Potential Therapeutic Role of Phytochemicals to Mitigate Mitochondrial Dysfunctions in Alzheimer’s Disease
Authors: Rahman, M.A.; Rahman, M.H.; Biswas, P.; Hossain, M.S.; Islam, R.; Hannan, M.A.; Uddin, M.J.; Rhim, H.
Abstract: Alzheimer’s disease (AD) is a progressive neurodegenerative disorder characterized by a decline in cognitive function and neuronal damage. Although the precise pathobiology of AD remains elusive, accumulating evidence suggests that mitochondrial dysfunction is one of the underlying causes of AD. Mutations in mitochondrial or nuclear DNA that encode mitochondrial components may cause mitochondrial dysfunction. In particular, the dysfunction of electron transport chain complexes, along with the interactions of mitochondrial pathological proteins are associated with mitochondrial dysfunction in AD. Mitochondrial dysfunction causes an imbalance in the production of reactive oxygen species, leading to oxidative stress (OS) and vice versa.

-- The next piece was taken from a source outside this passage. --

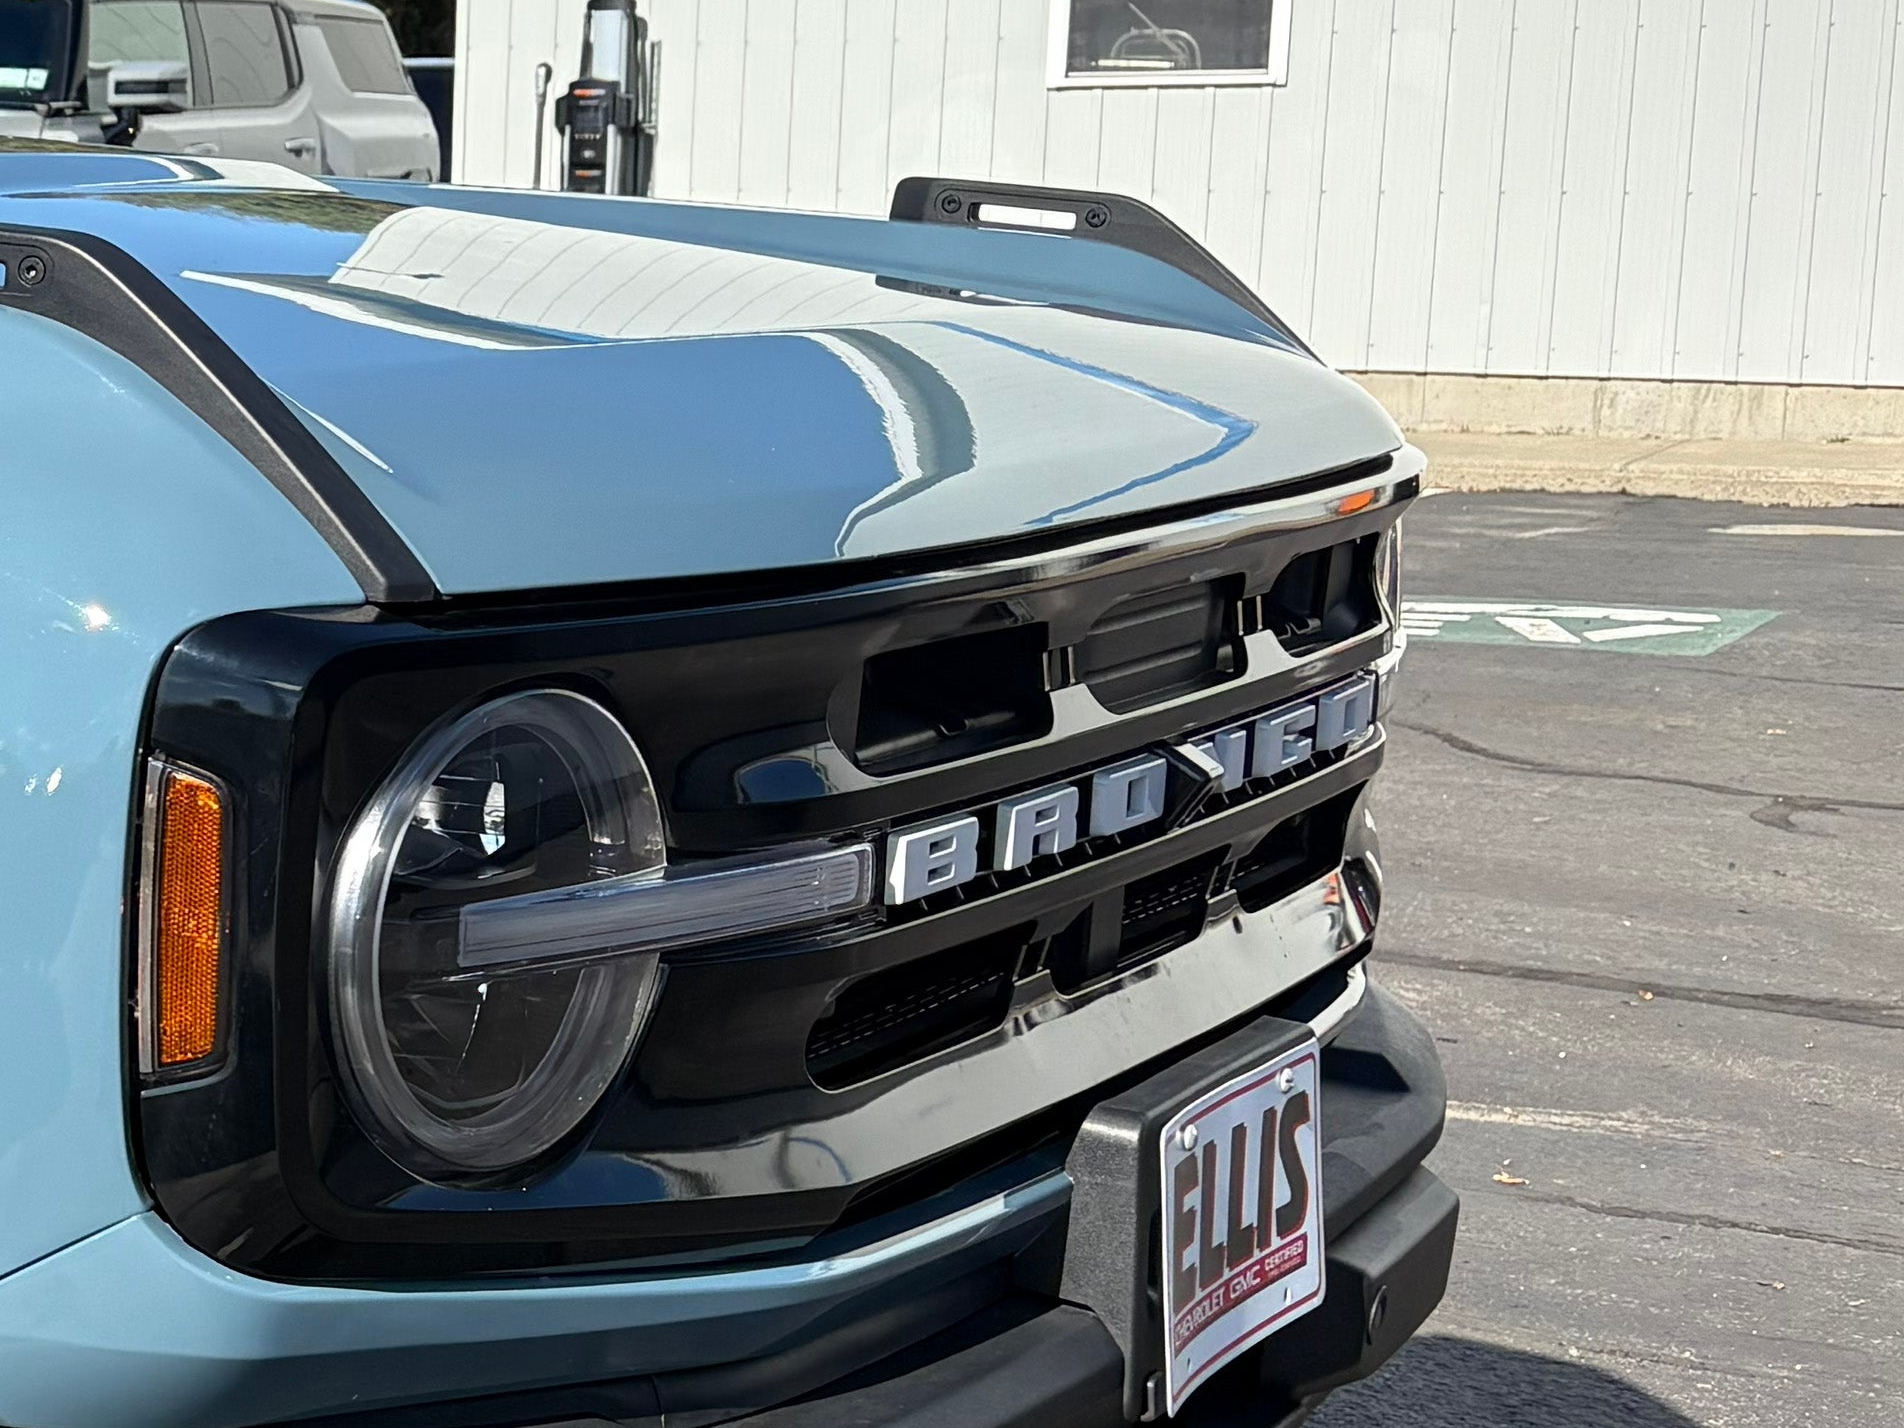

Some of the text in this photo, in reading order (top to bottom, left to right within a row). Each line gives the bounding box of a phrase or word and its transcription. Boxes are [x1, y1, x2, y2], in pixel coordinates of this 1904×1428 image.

Neuroinflammation is another potential contributory factor that induces mitochondrial dysfunction. Phytochemicals or other natural compounds have the potential to scavenge oxygen free radicals and enhance cellular antioxidant defense systems, thereby protecting against OS-mediated cellular damage. Phytochemicals can also modulate other cellular processes, including autophagy and mitochondrial biogenesis. Therefore, pharmacological intervention via neuroprotective phytochemicals can be a potential strategy to combat mitochondrial dysfunction as well as AD. This review focuses on the role of phytochemicals in mitigating mitochondrial dysfunction in the pathogenesis of AD.